Israeli superstar Yehoram Gaon celebrates a half-century in entertainment this year with a new television program. Born December 28, 1939 to a Sephardic family in Jerusalem, the internationally-renown performer is best known outside the country for his velvety voice and at least 20 albums in a variety of languages.
Gaon, who began his rich career with the Nahal troupe, was once a member of ‘The Yarkon Trio’ and is an Israel Prize laureate in Hebrew Song, has also had a rich career in Israeli film and television. The entertainer has also dabbled in Israeli politics as well, and he was elected to the Jerusalem City Council in 1993, serving primarily in the area of cultural and municipal arts.
In an interview with Arutz Sheva, Gaon observes that the current order to freeze Jewish construction in Judea and Samaria is not really feasible. “You cannot freeze settlements – it is impossible to freeze life,” he points out. “If a child is age three, you can’t tell him to stop growing because you want to ‘freeze’ him a few months. It was the state that also sent the settlers to live there [in those communities,],” he says. But he also notes that “on a practical level, I do not approve of angering the entire world. We’re not living alone [on this planet], and we depend on other countries as well.”
His proposal for peace, surprisingly, is to try something not tried before – do nothing. “I recommend something no one has ever done – and I know that unfortunately no one will ever do it. I suggest we take a break,” he says. “For 50 years, no negotiations, and we won’t conduct discussions with committees.
“During that timeout, we build ourselves. Look at how we are battered between ourselves, within our own society. If the Arabs try to attack us – fine. We already know how to protect ourselves, and we will manage.”
After the “break,” says Gaon, “we’ll see how the Arabs will treat us differently. Today, everything is about “now.” Everyone is saying ‘Peace NOW.’ It’s a problematic statement. You want everything now, without waiting. You have to understand that at the moment, there is no one to talk to.
“Sometimes I ask myself whether the hareidi-religious Jews aren’t right, when they argue that it was a mistake to go up to the [Temple Mount]. Maybe just as there are opinions that the Temple will come down from heaven, so too will peace also descend upon us from the sky,” he says hopefully.
New TV Show: Abba’s Gaon (Daddy’s Genius)
At present television is also undergoing educational reform, with a new program featuring Gaon at the top of the list – Abba’s Gaon. The title is a play on words, with the literal translation in Hebrew meaning “Daddy’s genius”; gaon means “genius” in Hebrew, and Abba means Daddy.
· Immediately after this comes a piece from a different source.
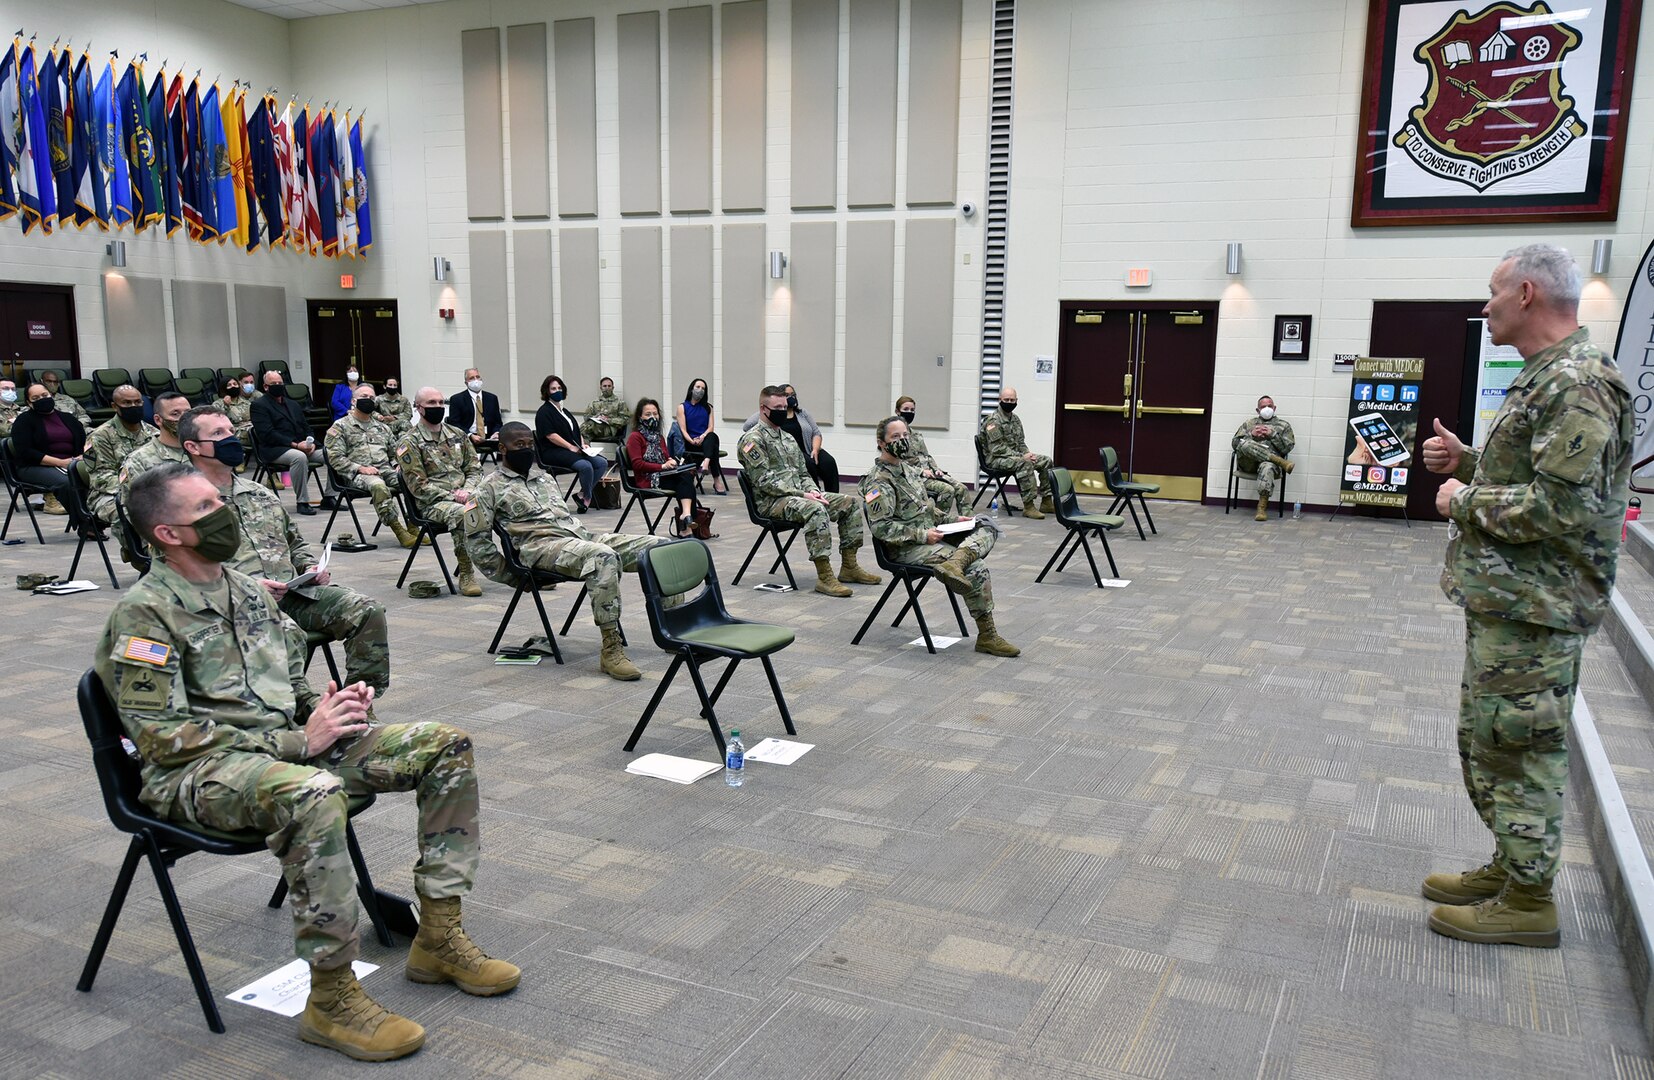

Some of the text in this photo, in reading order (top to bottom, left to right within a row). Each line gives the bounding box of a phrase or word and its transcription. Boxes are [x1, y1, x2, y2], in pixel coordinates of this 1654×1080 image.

On the program Gaon interviews children within the context of an educational but funny skit. Songs on the program are wrriten by Shlomit Cohen-Asif. The program is intended for the entire family, but aimed at children ages 7 to 11. It is broadcast on Sunday through Thursday at 2:00 p.m. on Channel 2 television, and at 3:00 p.m. on Channel 1, as well as on Educational Television Channel 23.
Gaon says he hopes there will be a second season despite concerns over cutbacks and other issues that might affect that decision. “They should not close the educational channel, and 'Abba’s Gaon' is absolutely relevant to that area,” he says, noting that the program specifically chose to stick with educational content. “There is so much concern about shallow commercialization in everything these days, but educational television at least shouldn’t have to be at the mercy of the “ratings wars.”
Wisdom of the Children
The performer says he also discovered while taping the program that interviewing children is quite different from working with adults. “With adults, the interviewer shows how smart he is, how much he is ‘into’ his subject. But other rules apply here,” he notes. “Children need to find the right level… they feel like you’re patronizing them, or you’re speaking to them as a teacher.”
Gaon adds that when interviewing a child, it is best to “give them a sense that when you ask them a question, you are really asking because you do not know the answer. Once I was able to do that – the conversation flowed and the children opened up,” he says.
The program deals with some subjects that are off the beaten track for the average children’s program, he observes. Loss and similar realities, friends, love, “these are subjects one discusses with adults but not generally on other children’s programs,” Gaon points out. “The same is true of war, or memory. These are things that grownups also cope with, and I am not convinced that grownups say anything as wise as the things the children say in their innocence.”